=== DATA RECORDS ===
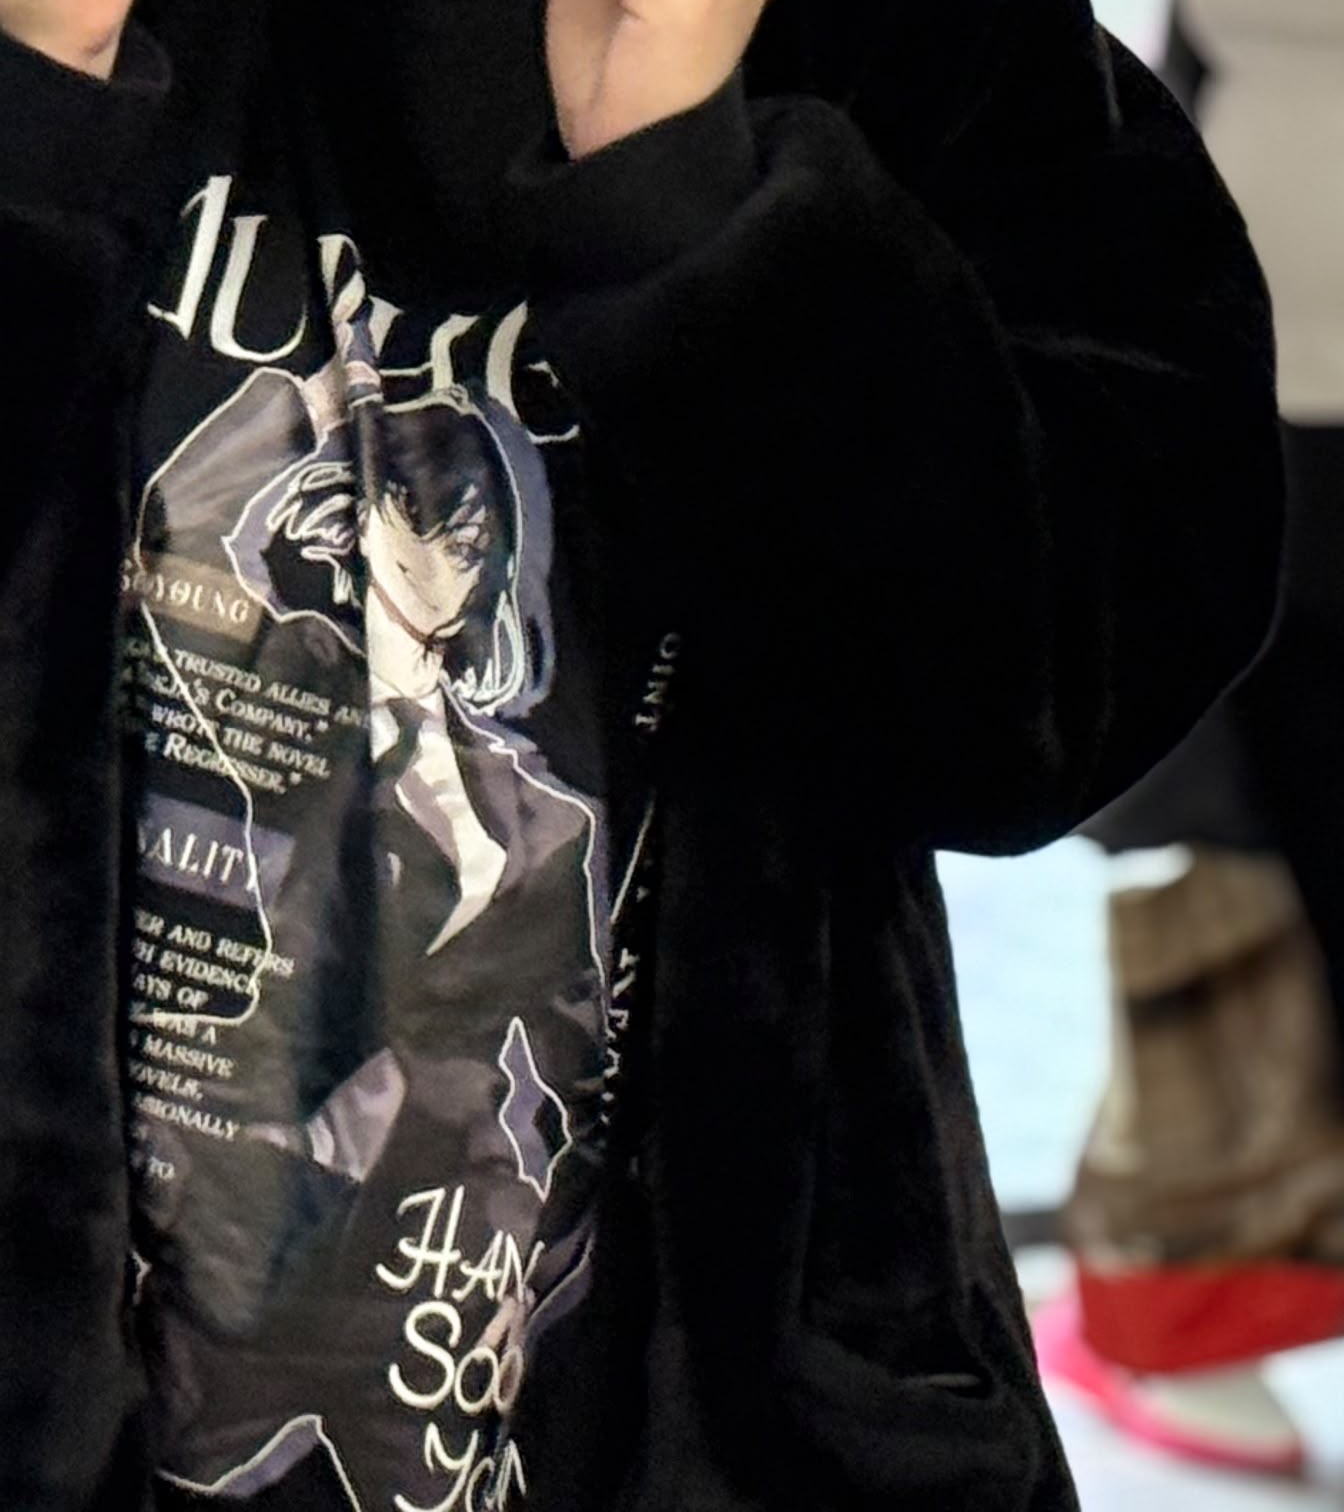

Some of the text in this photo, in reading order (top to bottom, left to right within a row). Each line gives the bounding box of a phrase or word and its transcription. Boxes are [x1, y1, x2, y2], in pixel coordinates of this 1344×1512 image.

[173, 649, 261, 692] TRUSTED
[265, 681, 331, 716] ALLIES
[333, 705, 369, 728] AN
[223, 727, 263, 756] THE
[167, 925, 212, 953] AND
[201, 1024, 218, 1046] A
[375, 1185, 546, 1300] HAN
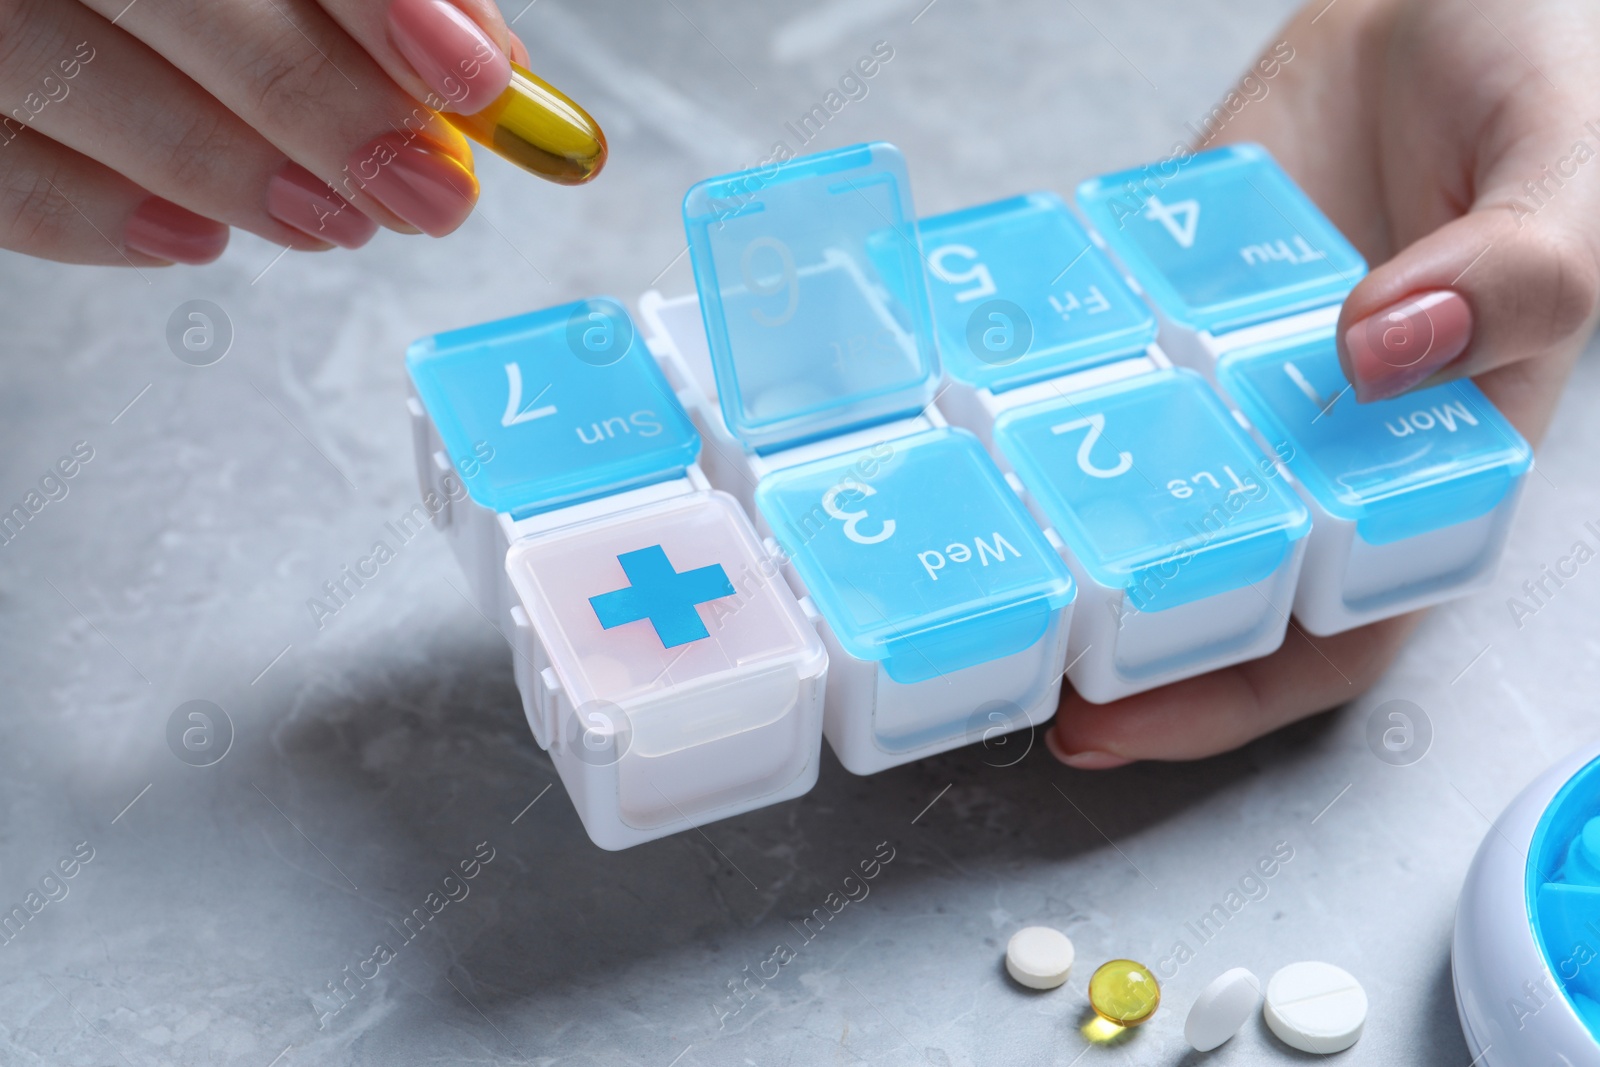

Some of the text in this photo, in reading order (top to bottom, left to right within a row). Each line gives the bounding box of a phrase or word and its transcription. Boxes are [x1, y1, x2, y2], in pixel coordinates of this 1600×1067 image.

[1145, 197, 1200, 248] 4
[928, 244, 997, 303] 5
[1240, 234, 1328, 266] Thu
[1048, 285, 1111, 321] Fri
[501, 362, 558, 428] 7
[1283, 361, 1340, 416] 1
[576, 410, 664, 444] Sun
[1385, 401, 1479, 437] Mon
[1051, 413, 1133, 479] 2
[822, 482, 896, 545] 3
[917, 532, 1022, 581] Wed
===
## WHAT THE TASK REQUIRES
Could you repeat all of the entries exactly, without the pictures?

## EXERCISE ANSWER
Some of the text in this photo, in reading order (top to bottom, left to right within a row). Each line gives the bounding box of a phrase or word and its transcription. Boxes are [x1, y1, x2, y2], in pixel coordinates of this 1344×1512 image.

[173, 649, 261, 692] TRUSTED
[265, 681, 331, 716] ALLIES
[333, 705, 369, 728] AN
[223, 727, 263, 756] THE
[167, 925, 212, 953] AND
[201, 1024, 218, 1046] A
[375, 1185, 546, 1300] HAN

Some of the text in this photo, in reading order (top to bottom, left to right within a row). Each line gives the bounding box of a phrase or word and its transcription. Boxes are [x1, y1, x2, y2], in pixel coordinates of this 1600×1067 image.

[1145, 197, 1200, 248] 4
[928, 244, 997, 303] 5
[1240, 234, 1328, 266] Thu
[1048, 285, 1111, 321] Fri
[501, 362, 558, 428] 7
[1283, 361, 1340, 416] 1
[576, 410, 664, 444] Sun
[1385, 401, 1479, 437] Mon
[1051, 413, 1133, 479] 2
[822, 482, 896, 545] 3
[917, 532, 1022, 581] Wed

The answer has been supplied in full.